__EXERCISE DETAILS__
The copy should hold exactly the lines below from the one that contains "this 1619×1080 image." through the one that contains "this 1673×940 image." and nothing else, so no pictures.

★ ★ ★ ★ ★ ★ ★

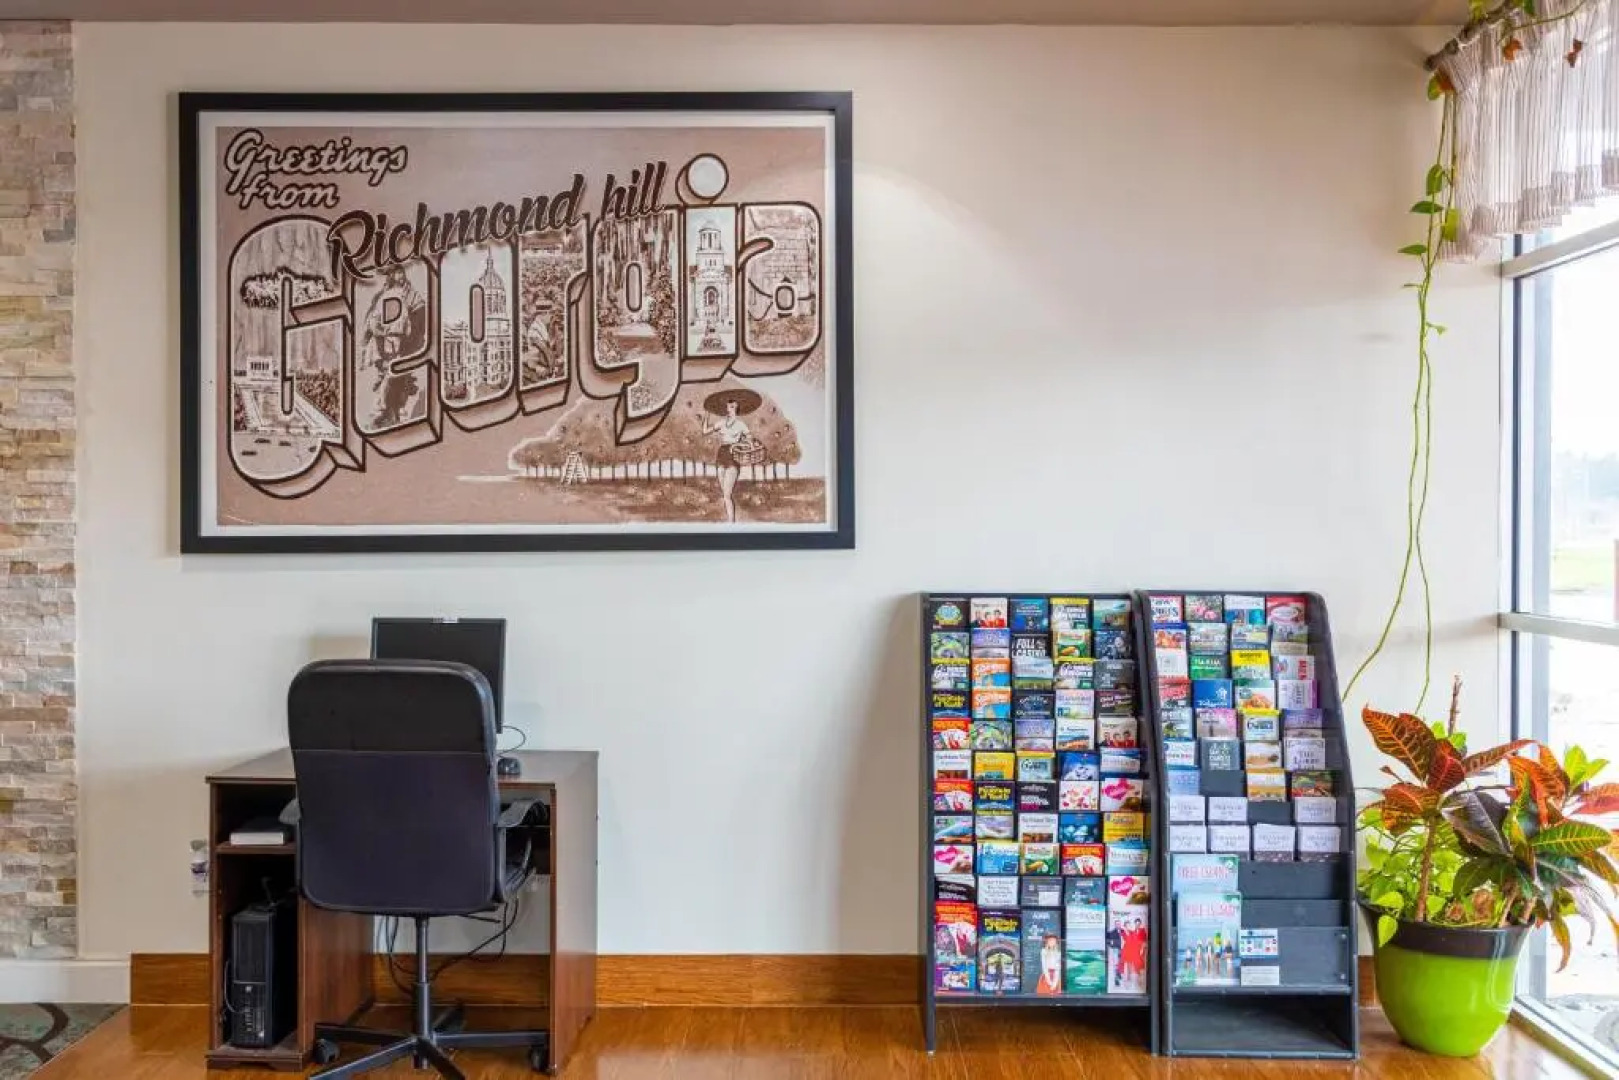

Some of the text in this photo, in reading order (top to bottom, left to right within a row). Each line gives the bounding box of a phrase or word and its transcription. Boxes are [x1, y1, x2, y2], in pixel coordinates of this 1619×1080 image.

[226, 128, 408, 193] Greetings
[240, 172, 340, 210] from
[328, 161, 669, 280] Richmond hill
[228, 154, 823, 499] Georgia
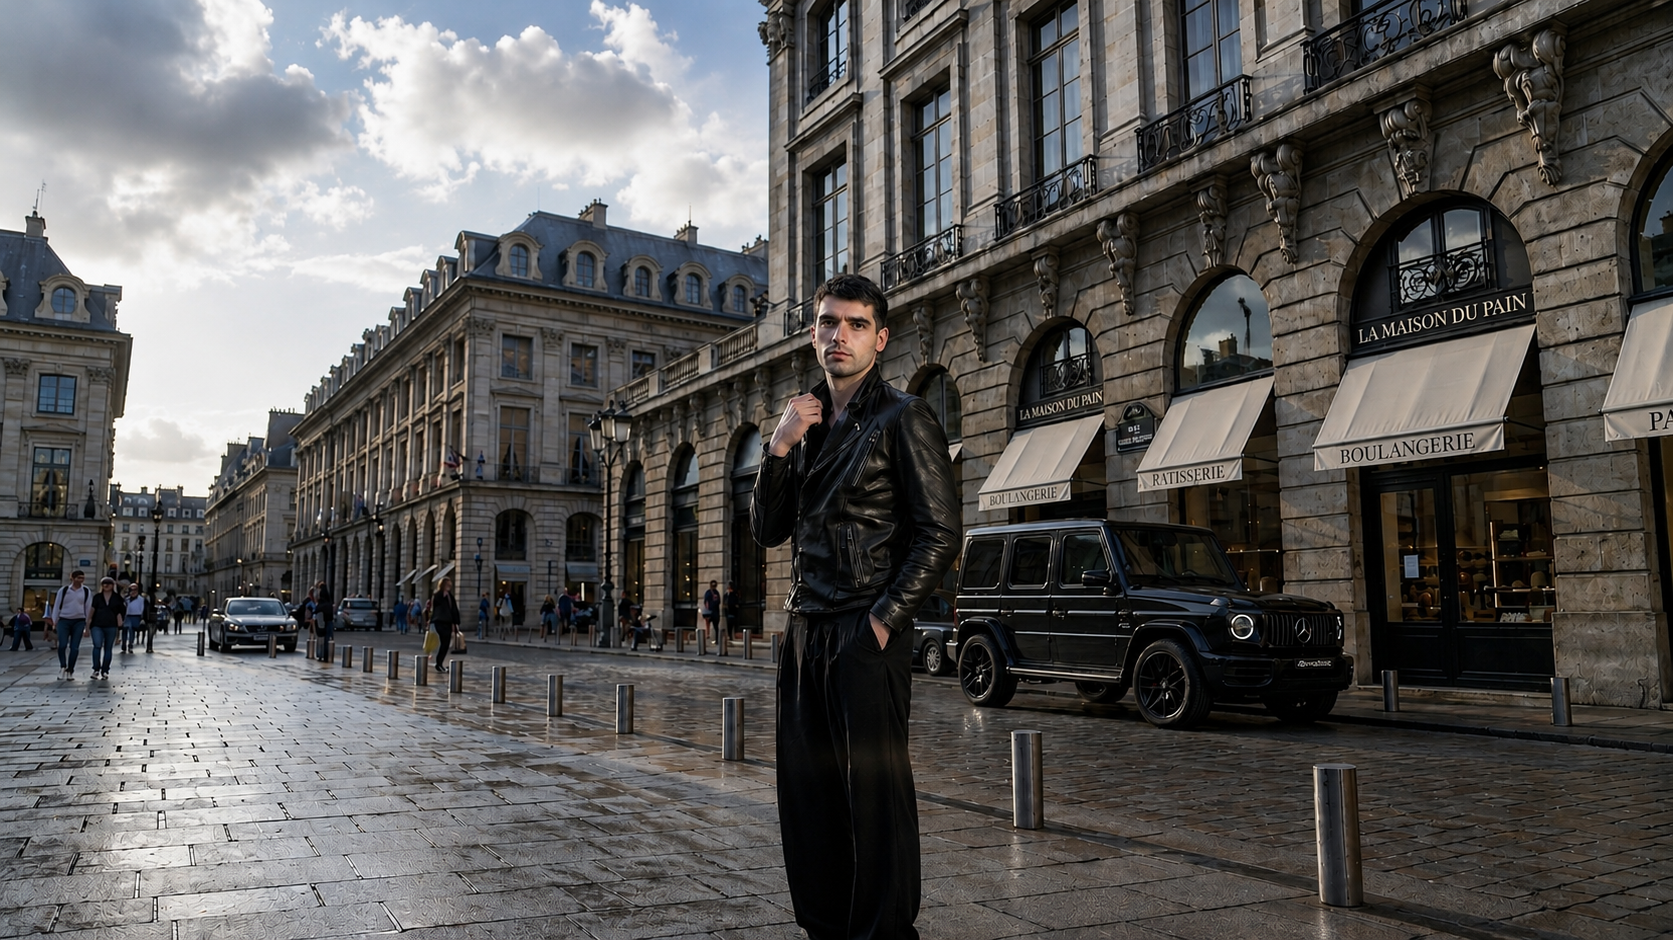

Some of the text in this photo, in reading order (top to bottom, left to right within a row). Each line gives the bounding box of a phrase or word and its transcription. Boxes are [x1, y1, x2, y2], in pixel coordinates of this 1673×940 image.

★ ★ ★ ★ ★ ★ ★

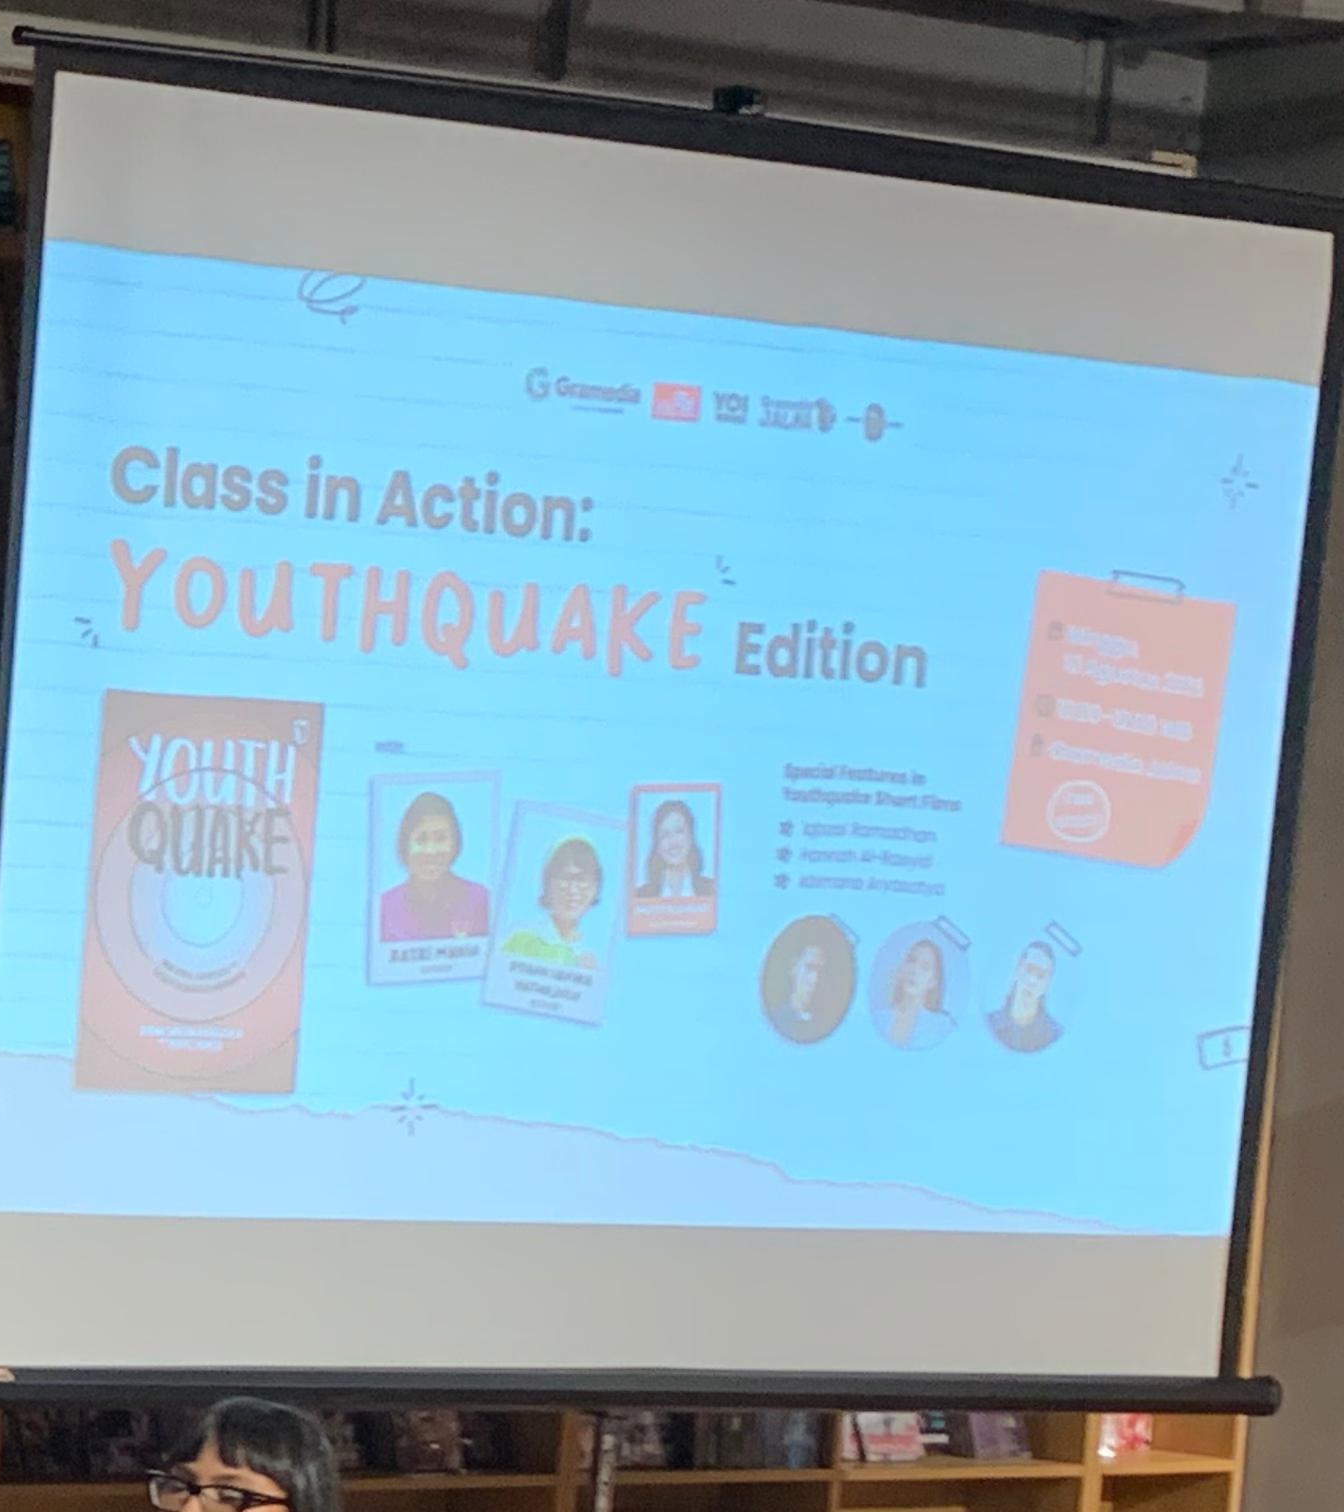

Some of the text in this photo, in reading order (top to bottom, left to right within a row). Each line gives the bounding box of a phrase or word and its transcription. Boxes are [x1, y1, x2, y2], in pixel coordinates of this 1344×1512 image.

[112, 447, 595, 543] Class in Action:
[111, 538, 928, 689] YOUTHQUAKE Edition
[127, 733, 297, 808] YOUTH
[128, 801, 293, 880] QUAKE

★ ★ ★ ★ ★ ★ ★

__RESPONSE AREA__
Some of the text in this photo, in reading order (top to bottom, left to right within a row). Each line gives the bounding box of a phrase or word and its transcription. Boxes are [x1, y1, x2, y2], in pixel coordinates of this 1619×1080 image.

[226, 128, 408, 193] Greetings
[240, 172, 340, 210] from
[328, 161, 669, 280] Richmond hill
[228, 154, 823, 499] Georgia

Some of the text in this photo, in reading order (top to bottom, left to right within a row). Each line gives the bounding box of a phrase or word and its transcription. Boxes are [x1, y1, x2, y2], in pixel coordinates of this 1673×940 image.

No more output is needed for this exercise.